Потом мы поднялись на борт маленького парохода, который часто останавливался, пыхтел, плывя в направлении к Майнцу. Когда мы миновали поворот реки, открывавший вид на широкую долину Йоганнисберг, мама воскликнула взволнованно: «Но ведь здесь живёт Олала, мы должны немедленно сойти на берег!».

В спешке мы стащили наши чемоданы на пристани Острих; мама позвонила ей, Георгий и я уже приготовились напрасно искать пристанище, нагруженные тяжёлыми чемоданами, как появился большой сверкающий хромом автомобиль, чтобы встретить нас. Мы с облегчением опустились на кожаные подушки и были через некоторое время сердечно приняты той самой подругой мама, которая в своё время привозила ей такие роскошные подарки в Сен-Жермен.

Чуть погодя я спросила её: «Кто живёт в большом доме, там на холме?» – «Испанская дама. Её единственный сын учится в Швейцарии».

Я представила себе без особого интереса какого-нибудь мальчика-школьника – пока я его однажды не встретила через несколько лет и не вышла за него замуж.

Старший сын в доме, «стареющий мужчина за тридцать», занимался мной и пытался даже играть со мной в пинг-понг, что, впрочем, оказалось безнадёжным.

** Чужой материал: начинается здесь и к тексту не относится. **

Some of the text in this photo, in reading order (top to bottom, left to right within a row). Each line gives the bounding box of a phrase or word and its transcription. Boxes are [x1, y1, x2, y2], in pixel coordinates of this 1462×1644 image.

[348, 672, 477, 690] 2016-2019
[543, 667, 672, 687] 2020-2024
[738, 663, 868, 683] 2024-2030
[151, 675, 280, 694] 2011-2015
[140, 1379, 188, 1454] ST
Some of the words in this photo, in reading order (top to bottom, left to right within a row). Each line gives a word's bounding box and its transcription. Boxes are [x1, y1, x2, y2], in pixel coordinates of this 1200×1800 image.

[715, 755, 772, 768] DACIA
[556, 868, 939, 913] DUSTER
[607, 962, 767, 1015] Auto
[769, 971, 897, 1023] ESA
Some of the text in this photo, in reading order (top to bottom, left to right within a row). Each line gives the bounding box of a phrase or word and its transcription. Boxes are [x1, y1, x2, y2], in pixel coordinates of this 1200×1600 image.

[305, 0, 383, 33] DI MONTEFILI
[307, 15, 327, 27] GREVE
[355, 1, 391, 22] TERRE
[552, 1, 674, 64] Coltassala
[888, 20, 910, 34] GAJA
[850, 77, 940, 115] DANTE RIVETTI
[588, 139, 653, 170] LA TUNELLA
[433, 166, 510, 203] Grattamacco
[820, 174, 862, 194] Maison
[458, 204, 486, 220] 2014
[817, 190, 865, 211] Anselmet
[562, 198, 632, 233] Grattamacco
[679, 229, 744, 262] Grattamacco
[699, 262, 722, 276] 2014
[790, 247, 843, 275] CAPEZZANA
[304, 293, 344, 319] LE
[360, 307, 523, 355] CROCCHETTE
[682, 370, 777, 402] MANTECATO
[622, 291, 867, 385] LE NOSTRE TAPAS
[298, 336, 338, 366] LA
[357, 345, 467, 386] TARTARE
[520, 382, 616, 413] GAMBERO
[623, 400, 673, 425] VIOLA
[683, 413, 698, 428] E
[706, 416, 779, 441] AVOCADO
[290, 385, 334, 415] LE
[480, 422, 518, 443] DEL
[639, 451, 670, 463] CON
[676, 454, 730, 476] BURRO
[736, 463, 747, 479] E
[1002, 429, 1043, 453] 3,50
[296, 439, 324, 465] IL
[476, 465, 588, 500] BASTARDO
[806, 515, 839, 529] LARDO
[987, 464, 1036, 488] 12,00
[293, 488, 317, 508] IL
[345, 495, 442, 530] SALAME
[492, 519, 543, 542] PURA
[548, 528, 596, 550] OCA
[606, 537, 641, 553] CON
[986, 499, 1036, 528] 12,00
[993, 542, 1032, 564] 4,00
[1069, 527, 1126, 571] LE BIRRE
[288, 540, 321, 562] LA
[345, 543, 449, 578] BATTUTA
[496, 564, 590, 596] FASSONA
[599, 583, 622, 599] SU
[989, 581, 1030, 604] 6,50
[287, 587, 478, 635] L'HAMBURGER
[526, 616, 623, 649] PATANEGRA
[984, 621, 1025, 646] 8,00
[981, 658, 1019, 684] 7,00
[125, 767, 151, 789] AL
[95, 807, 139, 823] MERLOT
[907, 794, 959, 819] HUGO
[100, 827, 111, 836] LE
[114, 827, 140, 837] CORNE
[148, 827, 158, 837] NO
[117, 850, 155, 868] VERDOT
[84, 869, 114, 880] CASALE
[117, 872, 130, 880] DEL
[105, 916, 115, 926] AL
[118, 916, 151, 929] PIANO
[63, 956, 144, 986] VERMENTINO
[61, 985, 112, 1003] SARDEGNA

Он и его сестра выглядели так хорошо, так непринужденно, что я, несмотря на их приветливость, чувствовала себя ужасно смущённо и неловко. После ужина нас на машине отвезли в Майнц, откуда мы поехали дальше в Киссинген.

Еда в нашем пансионе была по строго подсчитанным калориям, так что за короткое время вся моя детская округлость исчезла. Местный фотограф, увидевший меня как-то на улице, попросил у мама разрешение снять меня. Рассказывали, что после нашего отъезда один из этих снимков был выставлен в витрине его фотоателье и привлёк внимание владельца крупного садового центра из Берлина, который также находился там на лечении. После этого я подверглась письменным заверениям в преданности, которые я неблагодарным образом считала обременительными; годами меня преследовали нежелательные цветы и письма, которые оставались без ответа. Когда я наконец лично встретилась с автором этих писем, я была уже помолвлена. Эпизод закончился прекрасными розами, которые были названы в честь меня и которые он мне в огромном количестве послал на свадьбу в качестве свадебного подарка.